Overall, the Fed appears to have coalesced around a consensus for rate cuts, though officials remain cautious in implementation. Most statements support an initial 25-basis-point cut rather than a more aggressive 50-basis-point adjustment, providing key guidance for the September FOMC meeting.

 

Following these developments, several Wall Street institutions adjusted their forecasts. Citigroup economist Andrew Hollenhorst noted that the downward revision in employment data “supports” the rationale for a 50-basis-point cut in September, but expects the Fed to likely choose a 25-basis-point reduction instead.

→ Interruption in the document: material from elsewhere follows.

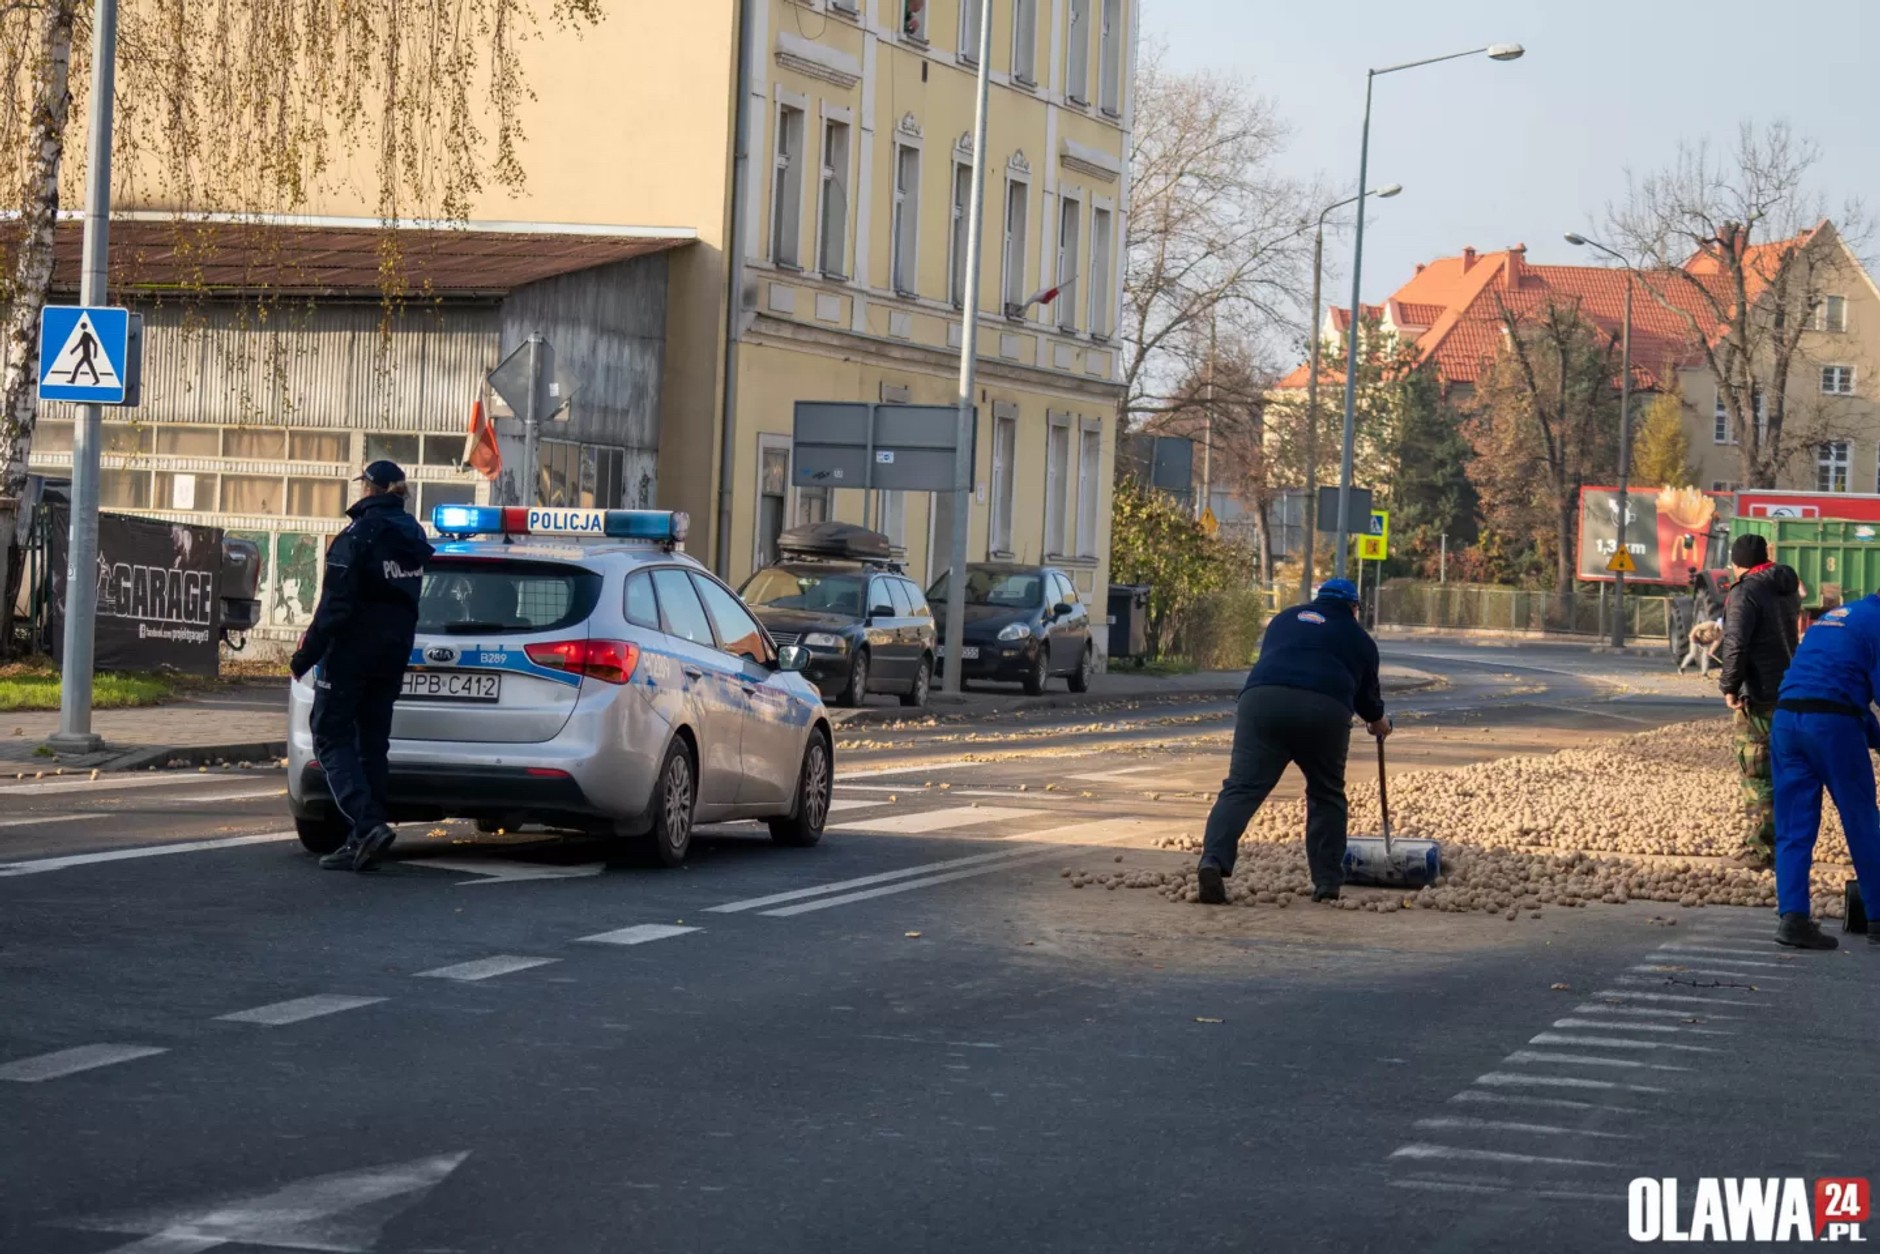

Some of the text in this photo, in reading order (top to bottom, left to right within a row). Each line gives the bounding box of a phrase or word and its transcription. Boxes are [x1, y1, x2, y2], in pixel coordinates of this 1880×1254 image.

Bank of America projects two 25-basis-point cuts in 2025, in September and December. PGIM Fixed Income Chief Global Economist Daleep Singh anticipates the Fed will implement incremental 25-basis-point cuts until the target range reaches 3.0%–3.5%.

 

 

 

Complex Policy Choices at the Federal Reserve

 

Despite a marked cooling in the labor market, the Federal Reserve’s decision-making is far from unimpeded, as it faces a complex web of internal trade-offs.

 

First, inflation risks have not been fully eliminated. Although inflation continues to ease, current levels remain above the Fed’s 2% target. Overall CPI rose 2.7% year-over-year in July, while core CPI remained at 3.1%. Earlier tariff policies are now beginning to affect prices of core goods such as furniture and apparel, and secondary inflation risks remain a central consideration in any potential rate cuts.

 

IMG_256

Source: U.S. Bureau of Labor Statistics

 

At the same time, there are clear divisions within the FOMC regarding the timing and pace of rate reductions. The dovish camp argues that employment risks now outweigh inflation concerns and advocates for immediate cuts. By contrast, the hawkish camp favors a “wait-and-see” approach, noting that real interest rates remain below neutral levels and cautioning that premature cuts could fuel speculative behavior in financial markets.

 

The Fed’s independence is also under pressure. President Trump’s dismissal of Fed Governor Lisa Cook, along with Treasury Secretary Janet Yellen’s calls for “comprehensive reforms” of the Fed, have cast a political shadow over monetary policy decisions.

 

Beyond employment and inflation, the Fed must weigh multiple other factors, including consumer spending, business investment, the housing market, and slowing global economic growth. Treasury Secretary Yellen previously warned that if the Supreme Court rules Trump’s tariffs unlawful, potential tariff refunds could range from $750 billion to $1 trillion, creating significant fiscal and market uncertainty.

 

The substantial downward revision of employment data has also fueled political debate. White House Press Secretary Karoline Leavitt called it “the largest downward revision in history,” criticized the Bureau of Labor Statistics (BLS) as “broken,” and urged Fed Chair Jerome Powell to “act immediately” on rate cuts, asserting there is “no excuse” for inaction.

 

President Trump has repeatedly questioned the accuracy of BLS data and, one month ago, dismissed the agency’s commissioner following a large monthly employment revision. The current annual benchmark revision further intensifies his criticism of the credibility of government statistics. Vice President Mike Pence also labeled BLS data “effectively useless” and stressed that reforms are necessary to restore its reliability.

 

This political pressure adds another layer of complexity to the Fed’s decision-making environment. Market participants must not only interpret economic data but also remain alert to the risks that monetary policy could be influenced by political considerations.

 

 

 

Final Thoughts

 

For both markets and policymakers, the Federal Reserve’s imminent decisions will determine short-term interest rates while simultaneously testing its ability to balance economic growth, price stability, and central bank independence.

 

The Fed’s policy trajectory going forward will be highly data-dependent, particularly on whether inflation continues its downward path and whether labor market conditions deteriorate further. Global markets are closely monitoring this critical juncture.

Disclaimer: The content of this article does not constitute a recommendation or investment advice for any financial products.